Items from a dataset
______
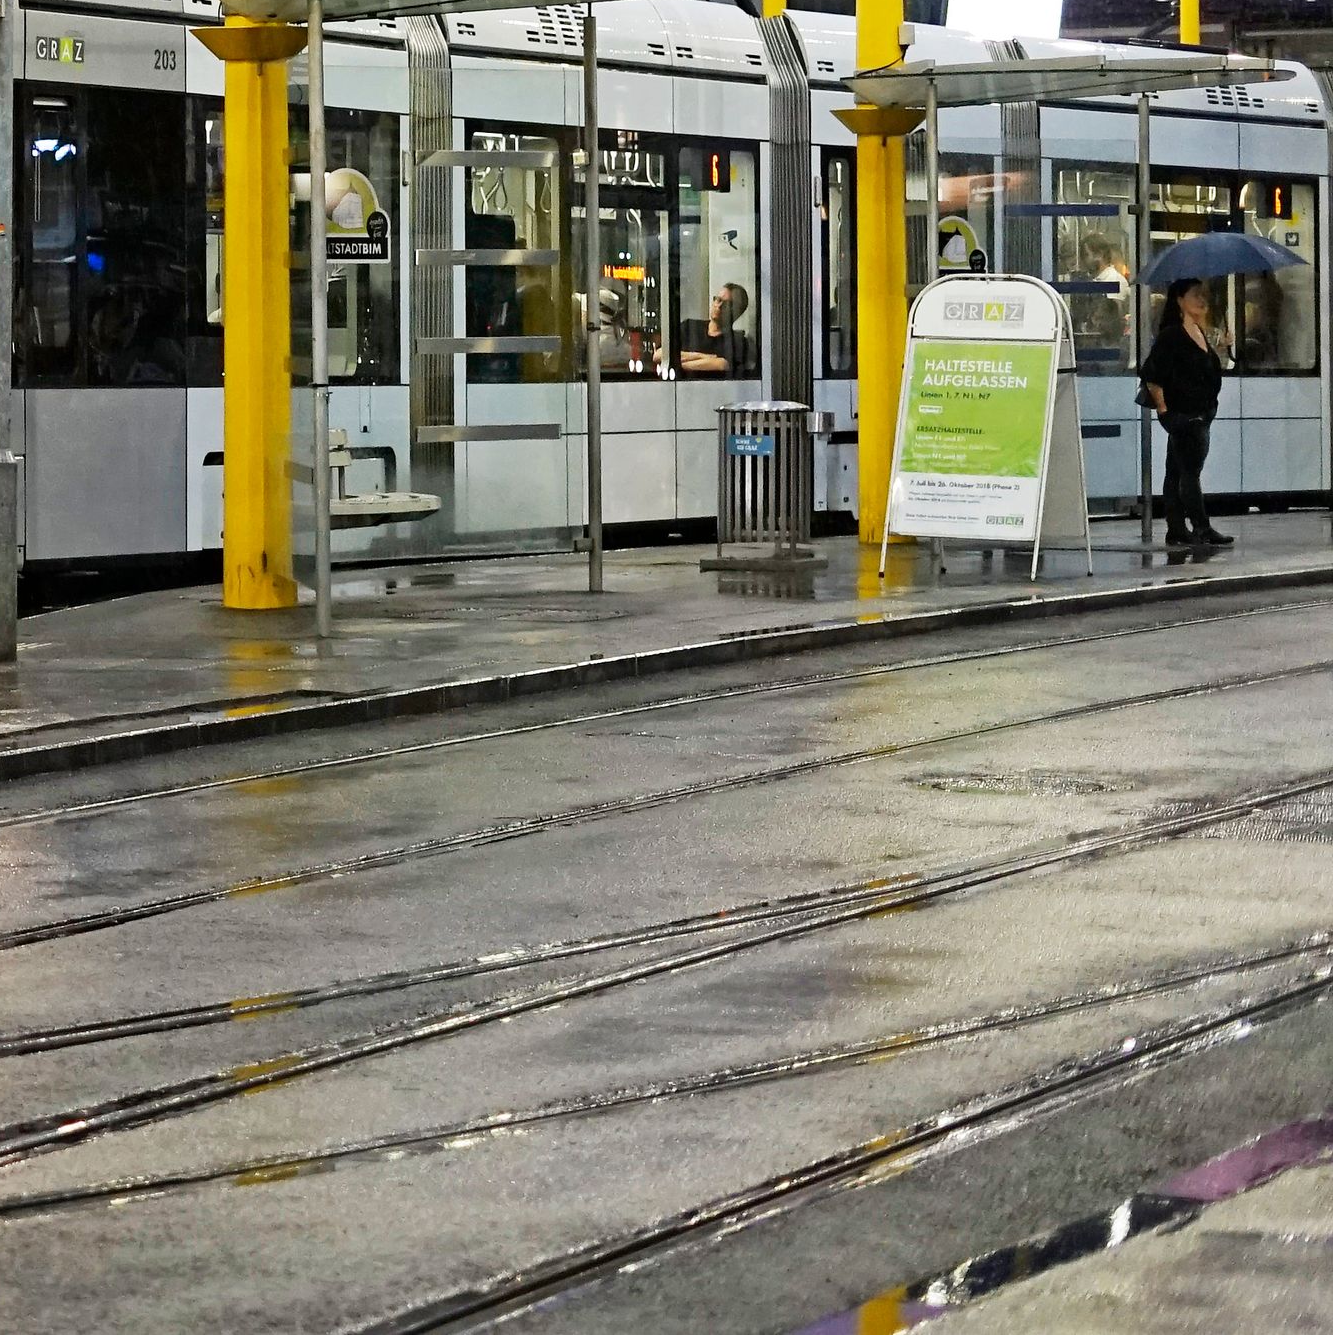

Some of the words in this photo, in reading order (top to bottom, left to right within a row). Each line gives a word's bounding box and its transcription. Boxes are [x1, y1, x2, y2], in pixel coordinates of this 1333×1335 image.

[37, 37, 85, 62] GRAZ
[154, 49, 176, 70] 203
[711, 154, 720, 187] 6
[945, 303, 1023, 320] GRAZ
[924, 359, 1013, 374] HALTESTELLE
[922, 374, 1028, 388] AUFGELASSEN
______
What you should do: Each record must be repeated exactly, and no picture may be carried over.

Task response:
Some of the words in this photo, in reading order (top to bottom, left to right within a row). Each line gives a word's bounding box and its transcription. Boxes are [x1, y1, x2, y2], in pixel coordinates of this 1333×1335 image.

[37, 37, 85, 62] GRAZ
[154, 49, 176, 70] 203
[711, 154, 720, 187] 6
[945, 303, 1023, 320] GRAZ
[924, 359, 1013, 374] HALTESTELLE
[922, 374, 1028, 388] AUFGELASSEN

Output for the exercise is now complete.